Technical support staff gather real-world usage reports and common troubleshooting cases. Practicing scientists often run into stability questions—stock solution fading or inconsistencies in endpoint readings. Vendors can respond with boilerplate PDFs, but only a manufacturer sees the entire lifecycle, from the initial blend to routine post-sale troubleshooting. For instance, we have found repeated reminders for users to mix fresh working solutions and store dry powder in low-humidity, light-proof containers strengthen both reliability in analysis and confidence in the product.
Robotic dosing, modern chromatography, and programmable temperature baths serve us well, but the biggest gains in product quality come from a team that links daily experience to analytical results. The pride in batch uniformity and responsiveness to customer queries shines through in repeat orders and decades-long relationships. New automation can handle increased output, but equipment cannot replace the skill of those who interpret nuanced changes in scent, texture, or hue in the manufacturing room.
Clients who receive our Alpha-Nitroso-Beta-Naphthol often remark on both visual uniformity and reliability during use, leading them to request expanded lots for new research lines or regulatory compliance testing. Meeting international standards for purity remains non-negotiable, but the small differences in handling and sensory inspection before shipment—details unlisted in specifications—anchor our long-term reputation.
Alpha-Nitroso-Beta-Naphthol’s story doesn’t end at the analytical workbench. Once a batch leaves the factory, support continues as laboratory and industrial chemists call for advice, report unique application scenarios, or seek technical troubleshooting. No formulation, manual, or website shortcut replaces lived experience with the chemical. After many years, direct dialogue between factory and customer leads to refinements not only in our own processes but also in our understanding of how the product stands up in diverse conditions.
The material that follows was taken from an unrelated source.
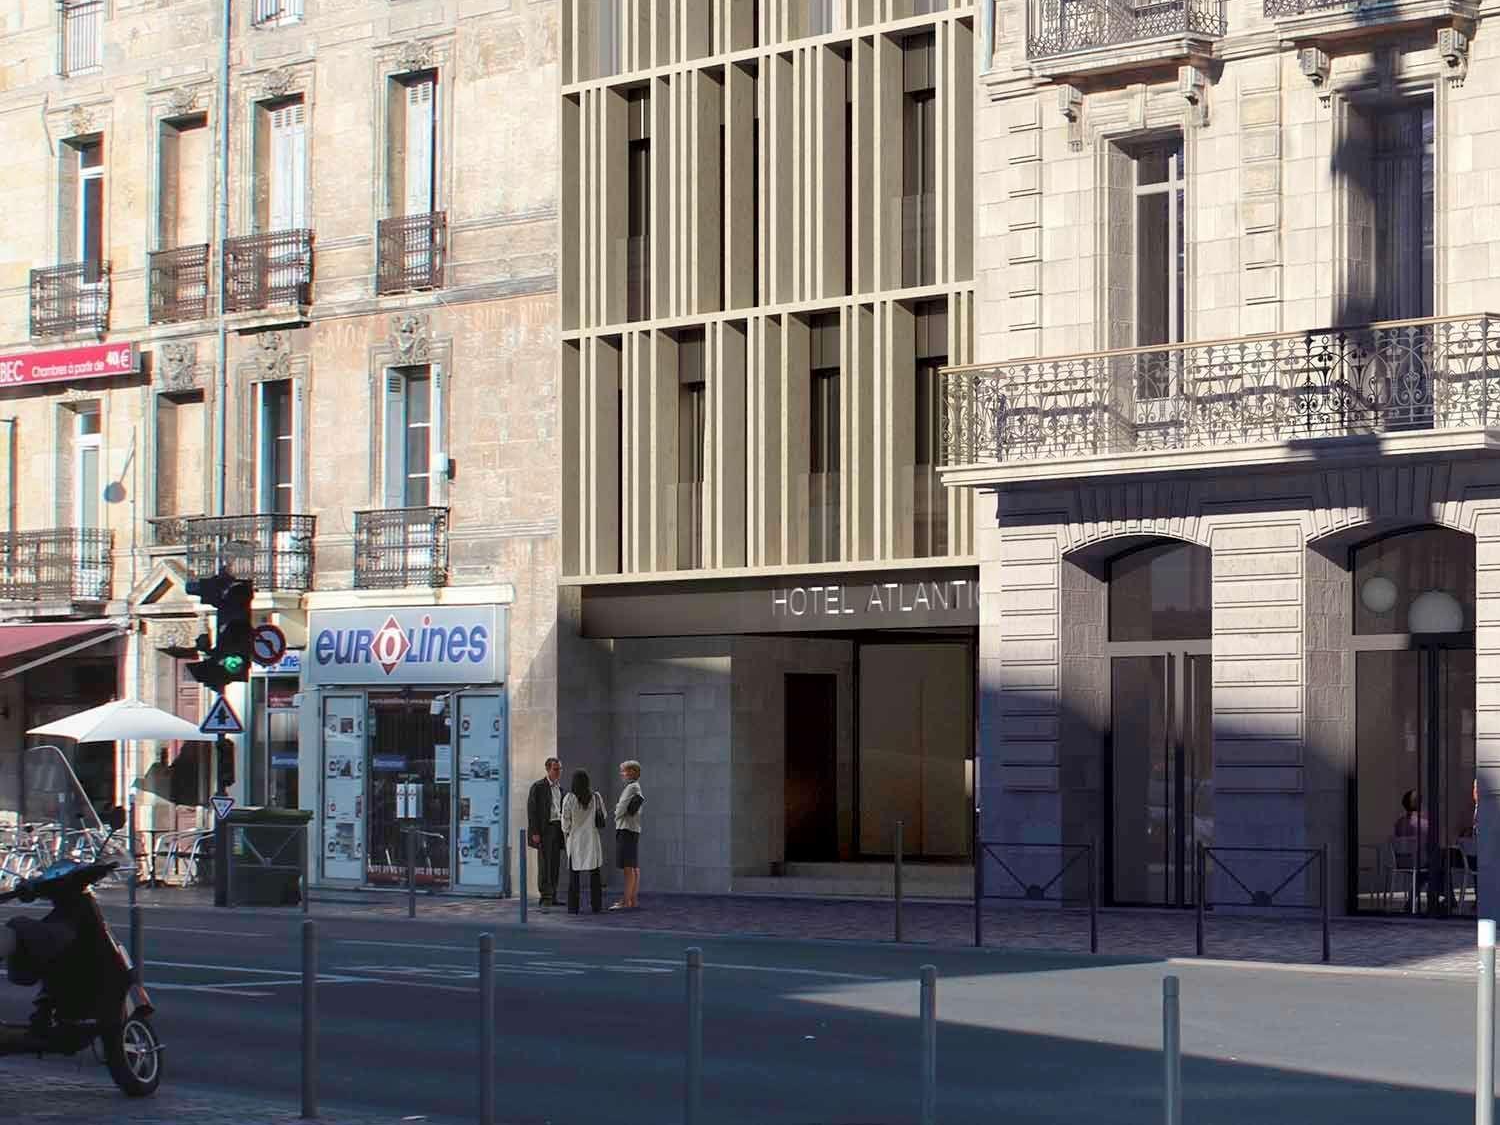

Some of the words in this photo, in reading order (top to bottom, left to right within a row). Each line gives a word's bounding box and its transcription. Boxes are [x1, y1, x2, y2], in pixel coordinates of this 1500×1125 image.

Educational institutions integrating our compound into curriculum laboratories report that its vivid color reactions help students grasp the foundations of inorganic chemistry. Technical support ensures that both instructors and commercial users troubleshoot unexpected dissolving or color change issues from formulation errors. These conversations feed a cycle of improvement, reinforcing the importance of reliable quality from each manufacturing run.
Years of experience in manufacturing Alpha-Nitroso-Beta-Naphthol have cemented the importance of transparent feedback—internal and external—to guide continuous improvements. Factory chemists draw on deep reservoirs of memory for process tweaks, handling pitfalls, and user trends. The reliability of this compound as a selective metal detection agent ensures stamina for the established method, while also pressing us to refine environmental controls, packaging robustness, and customer-facing technical guides.
As regulatory and customer demands grow, an unbroken chain of experience connects the first steps of synthesis to the clear endpoint colors observed in labs worldwide. Direct interaction between factory hands and real-world users lets us hone not just specifications on paper, but the sensory experience and dependability of every shipped batch.
Standing behind our Alpha-Nitroso-Beta-Naphthol, we know each lot tells a story—of precision, adaptation, and teamwork drawn from those who dedicate themselves to mastering every detail, from synthesis vessel to the hands of practicing chemists.